Christmas of 1978, I got a Barbie doll that was supposed to stand on something and you were supposed to be able to push something and make her swivel around. She didn’t work, so the minute I got the OK I handed her to grandpa … will you fix her for me? I don’t know how long he tried but he couldn’t make her work either. I remember he felt bad … poor grandpa; it was just a stupid Barbie. That year he had a lump on his neck. He was going to go in for a biopsy—a simple procedure. He assured me he would be fine. So I went back up north assuming all was well … except for Barbie. Grandpa had his biopsy on a Friday and came home. He was sick by Friday night or Saturday, in the hospital by Saturday or Sunday, and dead by Monday—January 29, 1979—of cancer.

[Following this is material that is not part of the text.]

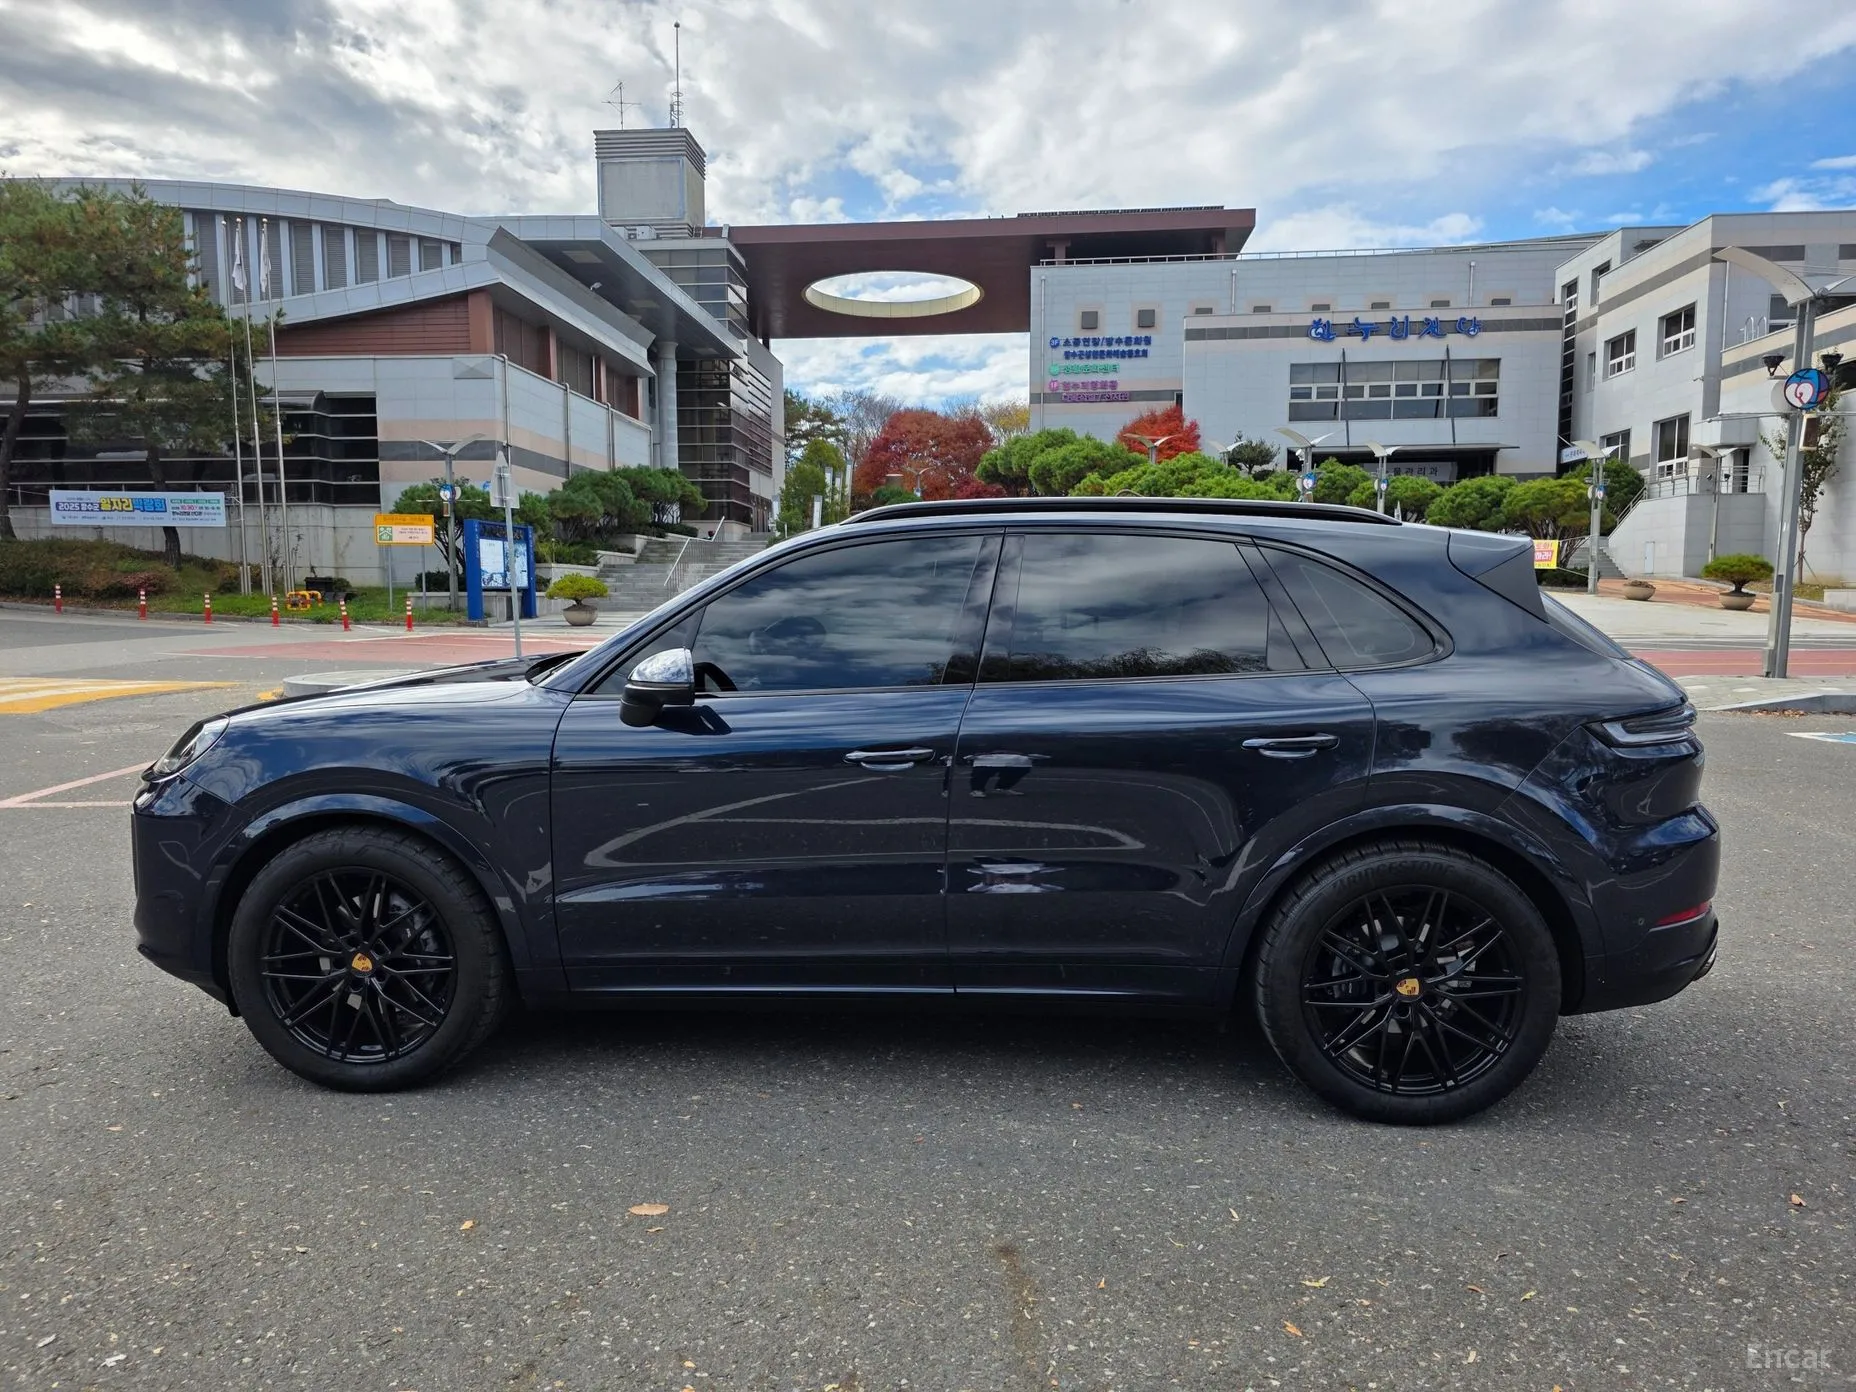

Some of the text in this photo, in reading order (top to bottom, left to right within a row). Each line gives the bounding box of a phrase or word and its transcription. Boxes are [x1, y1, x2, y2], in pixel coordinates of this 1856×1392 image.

[1307, 315, 1482, 342] 한누리전당
[58, 502, 80, 511] 2025
[80, 502, 100, 512] 장수군

With my Grandpa, we also lost an aunt and three cousins … disowned just like that. Christmas was never the same again. I didn’t even want to have the last several Thanksgivings, Christmases, or New Years. I was like, let’s just go out to eat, leave the mess somewhere else so I don’t have to cook it and clean it up. Grandma died a week before Christmas 1997, which further ruined the holidays for us. Then we get around to Christmas of 2003.
My mom had been on a diet and lost a bunch of weight. But Christmas Eve of 2003, you could tell it wasn’t just that. Everybody demanded that she go to a doctor. One minute they’re telling her she’s got either bronchitis or pneumonia, fluid around her heart and lungs, and possibly a small spot of cancer near a kidney. By the next visit, it’s the fourth or fifth stage of cancer. Before she could get a wig and start chemo, she was in the hospital. On January 24, 2004, she died of lung cancer.
She was the one keeping what was left of her family together. In fact, the last several years we had the yearly parties at her house. During her hospital stay and funeral, we destroyed several relationships. Her house is still in the family and the parties are still held there, but I’ll never go to another one. I’ve had no one to mourn with. My only child acts like it didn’t even happen. And now she’s off in Texas chasing a man. Life goes on.